*** RECORDS SUPPLIED ***

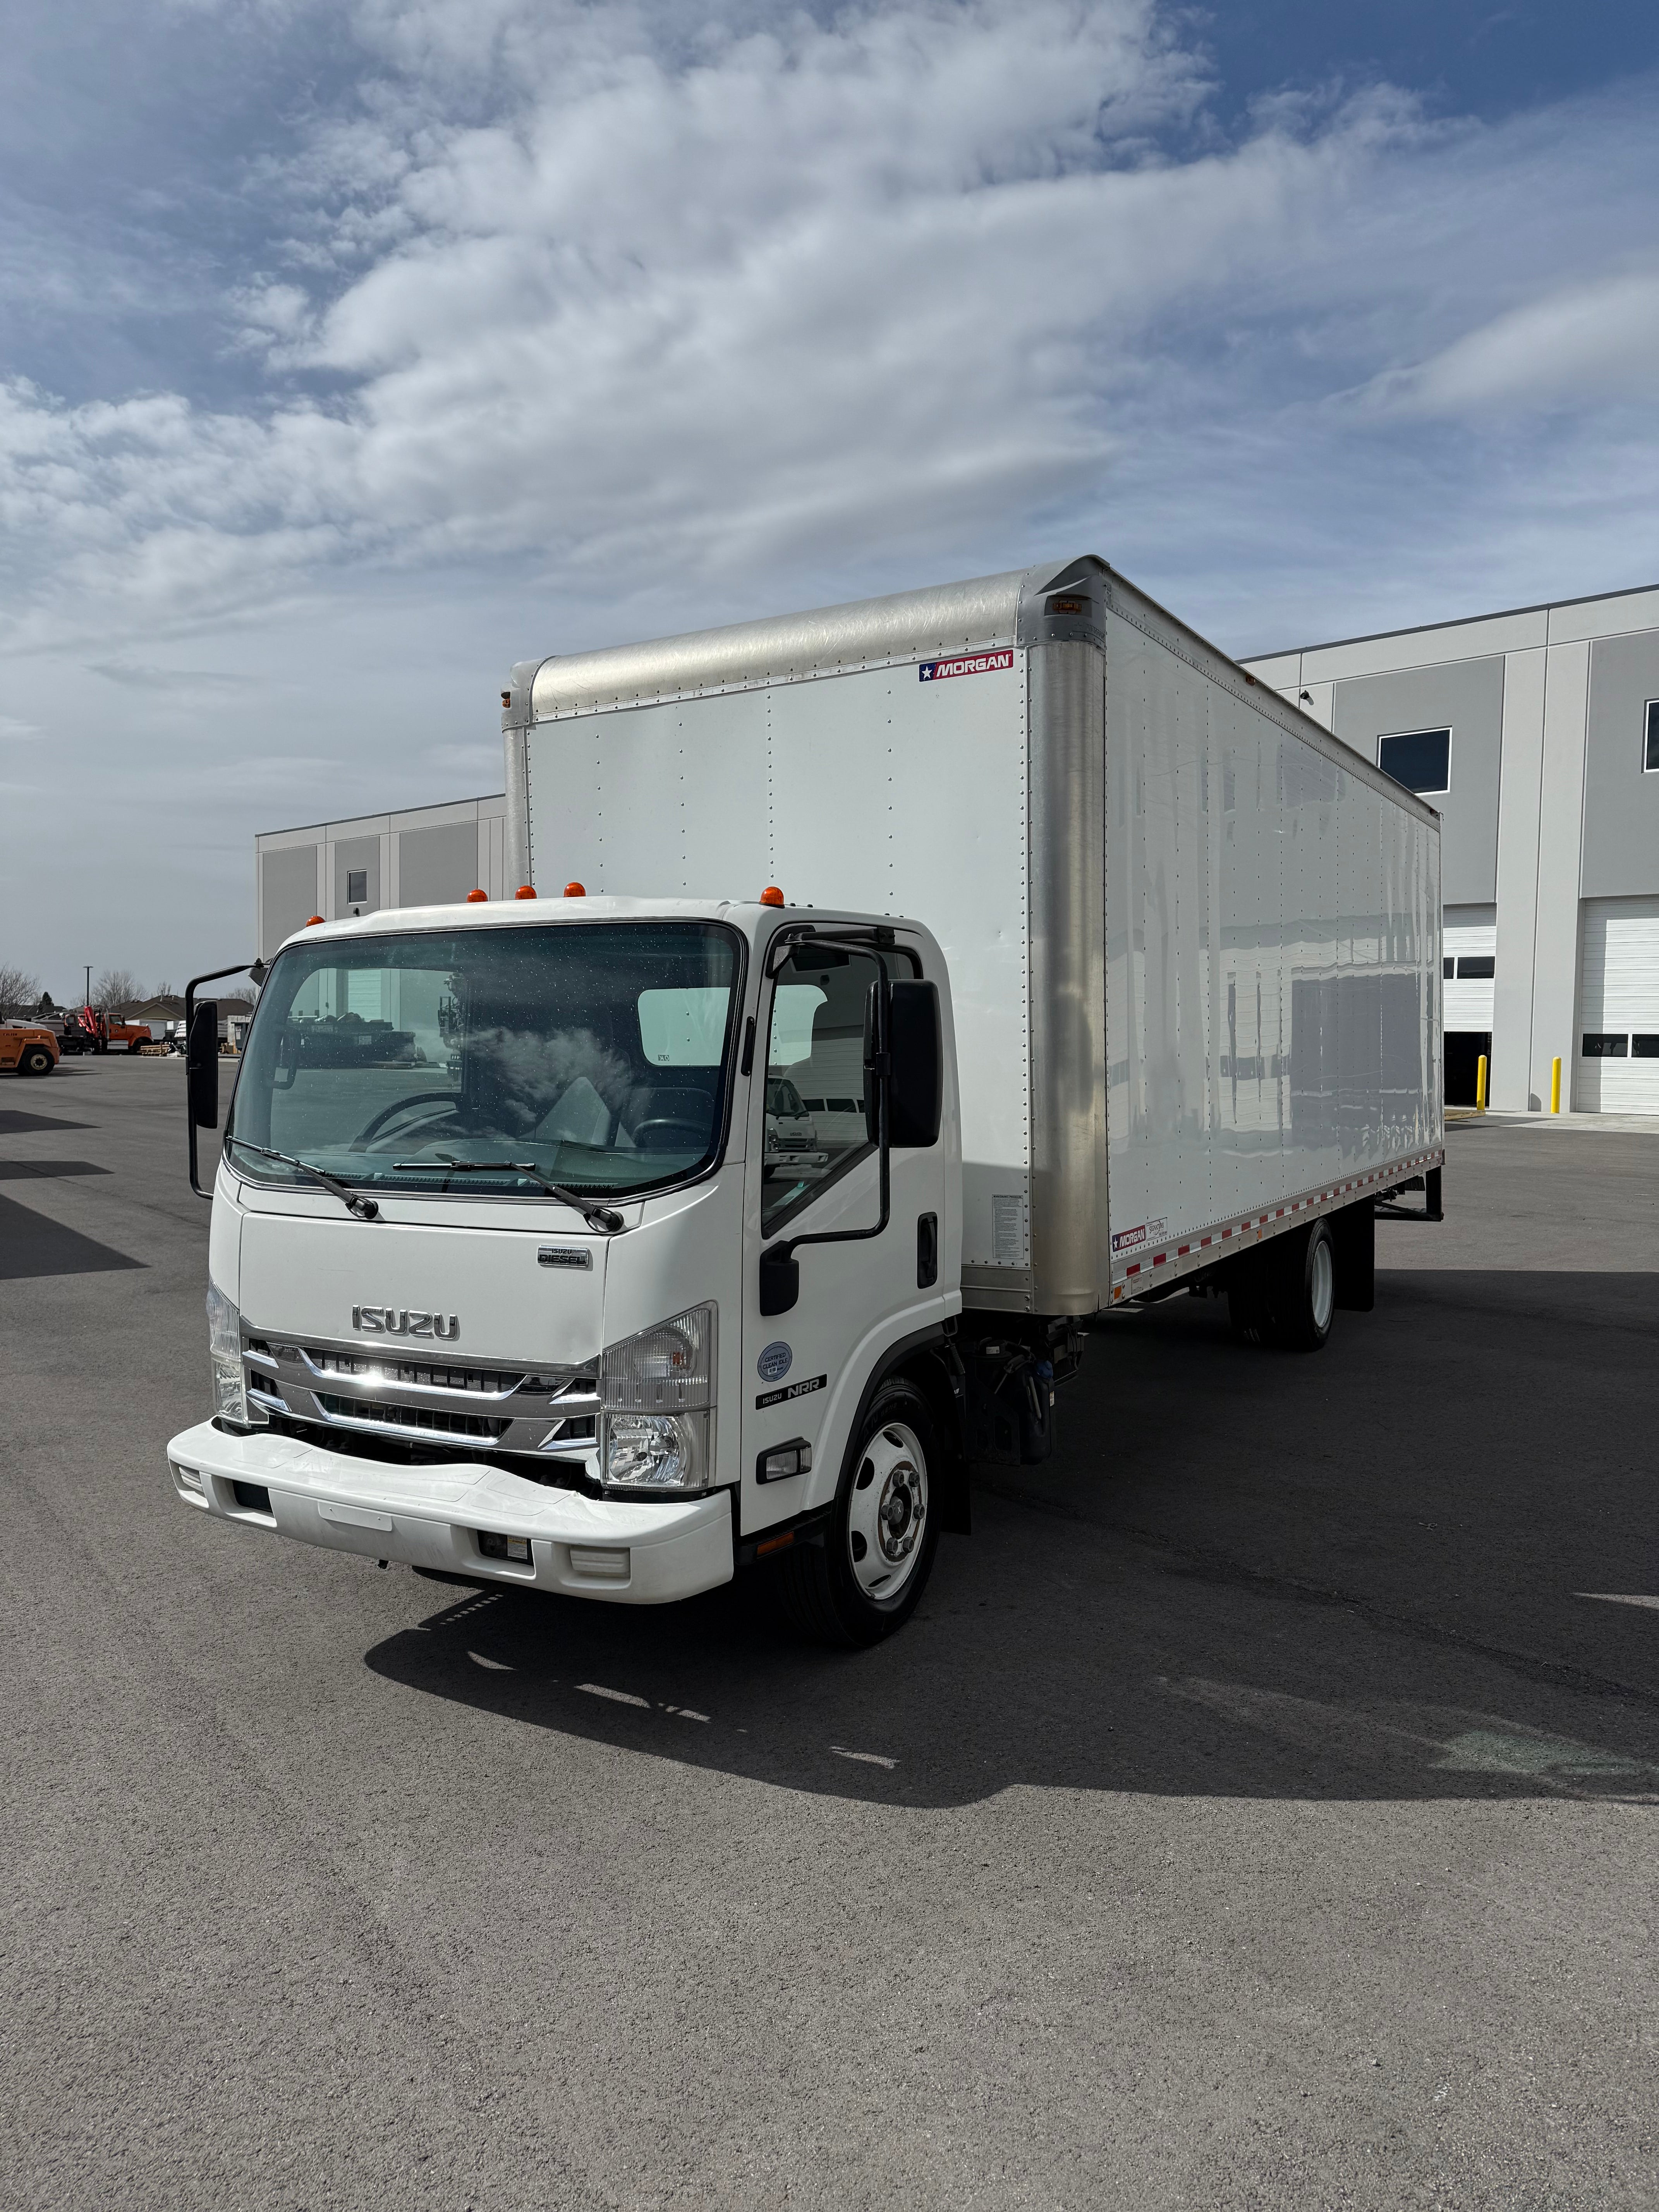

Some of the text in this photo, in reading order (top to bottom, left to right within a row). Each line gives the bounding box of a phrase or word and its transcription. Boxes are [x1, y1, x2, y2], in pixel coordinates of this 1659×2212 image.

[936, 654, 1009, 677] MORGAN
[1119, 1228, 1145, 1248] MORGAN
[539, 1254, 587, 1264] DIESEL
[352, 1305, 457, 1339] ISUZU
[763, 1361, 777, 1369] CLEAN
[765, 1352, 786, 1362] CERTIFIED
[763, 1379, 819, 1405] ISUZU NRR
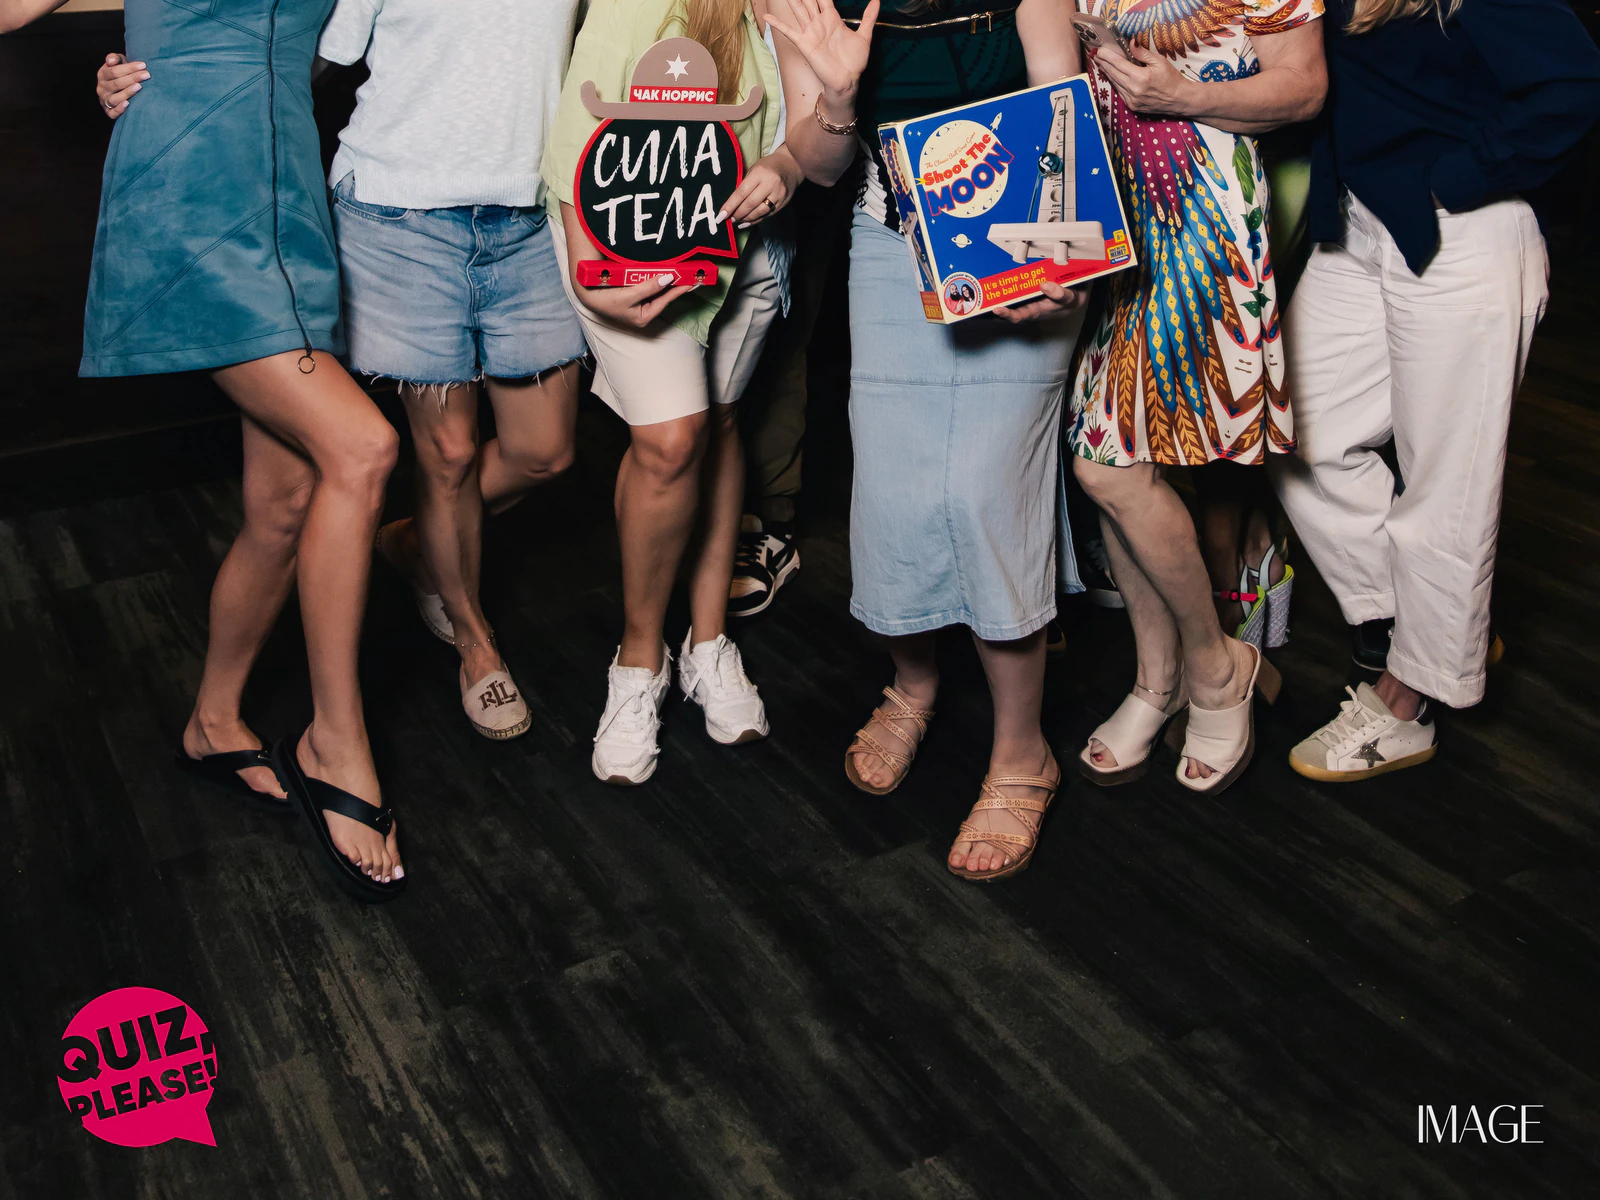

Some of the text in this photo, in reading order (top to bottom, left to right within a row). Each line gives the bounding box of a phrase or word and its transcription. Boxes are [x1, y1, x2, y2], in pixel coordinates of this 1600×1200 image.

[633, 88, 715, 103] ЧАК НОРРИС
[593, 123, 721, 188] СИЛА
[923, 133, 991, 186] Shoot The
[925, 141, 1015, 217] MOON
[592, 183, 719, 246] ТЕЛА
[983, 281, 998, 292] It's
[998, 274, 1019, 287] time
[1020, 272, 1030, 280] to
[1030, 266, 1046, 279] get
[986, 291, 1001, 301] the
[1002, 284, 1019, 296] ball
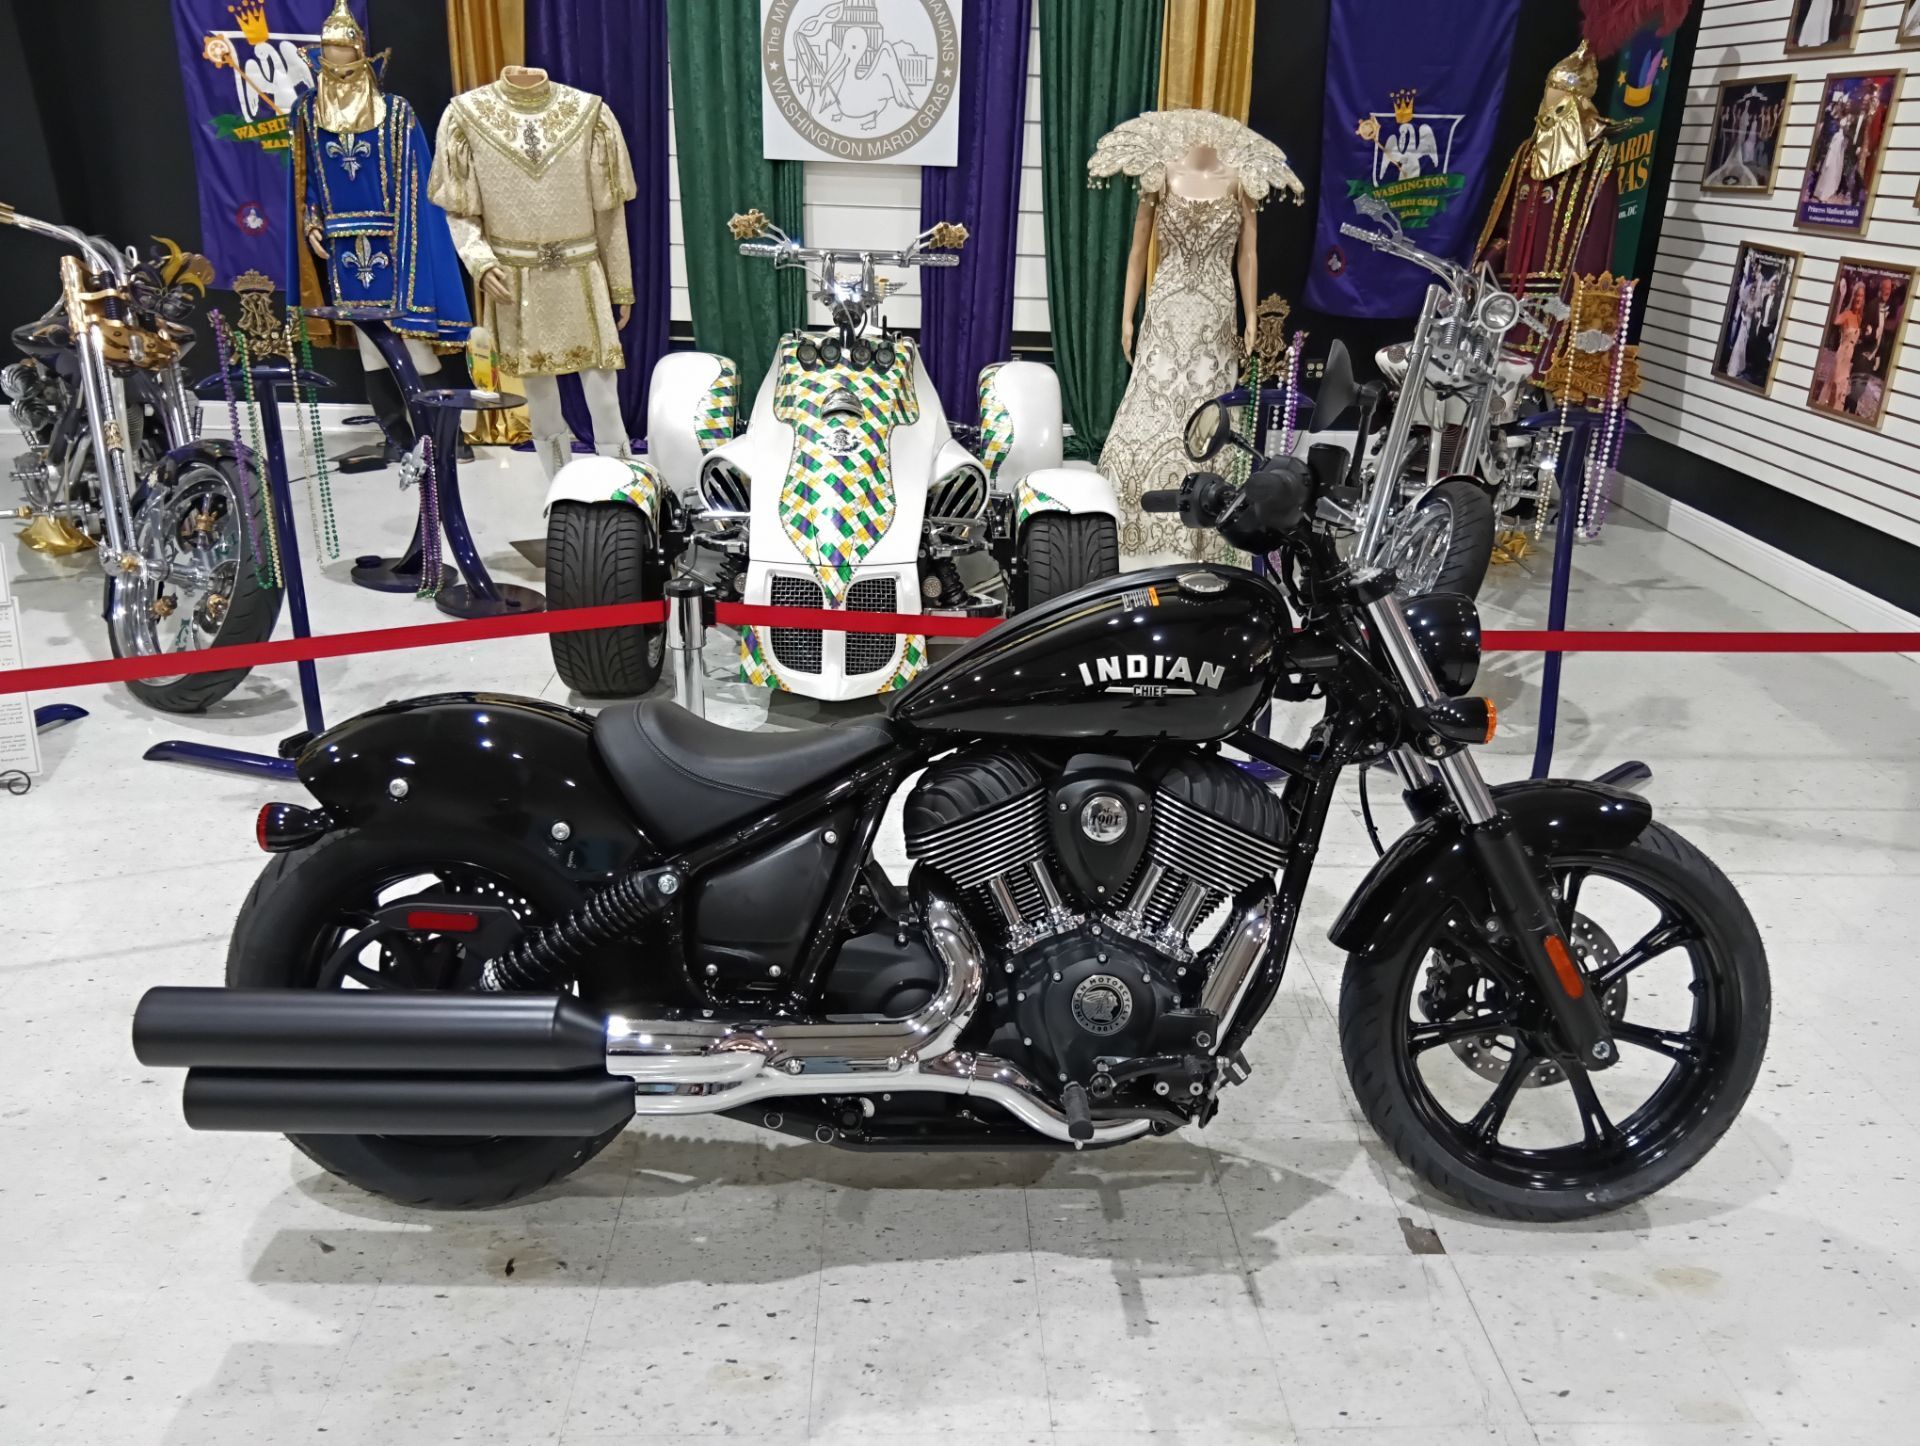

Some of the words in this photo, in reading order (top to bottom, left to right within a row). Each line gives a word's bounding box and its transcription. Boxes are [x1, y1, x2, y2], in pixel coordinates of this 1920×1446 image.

*** End of RECORDS SUPPLIED ***

[PROBLEM] Write out all of the records above. Keep them exact and leave out the pictures.

[OUTPUT FOR THIS EXERCISE]
Some of the text in this photo, in reading order (top to bottom, left to right within a row). Each line gives the bounding box of a phrase or word and its transcription. Boxes are [x1, y1, x2, y2], in pixel coordinates of this 1659×2212 image.

[936, 654, 1009, 677] MORGAN
[1119, 1228, 1145, 1248] MORGAN
[539, 1254, 587, 1264] DIESEL
[352, 1305, 457, 1339] ISUZU
[763, 1361, 777, 1369] CLEAN
[765, 1352, 786, 1362] CERTIFIED
[763, 1379, 819, 1405] ISUZU NRR

Some of the text in this photo, in reading order (top to bottom, left to right within a row). Each line gives the bounding box of a phrase or word and its transcription. Boxes are [x1, y1, x2, y2], in pixel coordinates of this 1600×1200 image.

[633, 88, 715, 103] ЧАК НОРРИС
[593, 123, 721, 188] СИЛА
[923, 133, 991, 186] Shoot The
[925, 141, 1015, 217] MOON
[592, 183, 719, 246] ТЕЛА
[983, 281, 998, 292] It's
[998, 274, 1019, 287] time
[1020, 272, 1030, 280] to
[1030, 266, 1046, 279] get
[986, 291, 1001, 301] the
[1002, 284, 1019, 296] ball

Some of the words in this photo, in reading order (top to bottom, left to right within a row). Each line gives a word's bounding box and its transcription. Boxes are [x1, y1, x2, y2], in pixel coordinates of this 1920×1446 image.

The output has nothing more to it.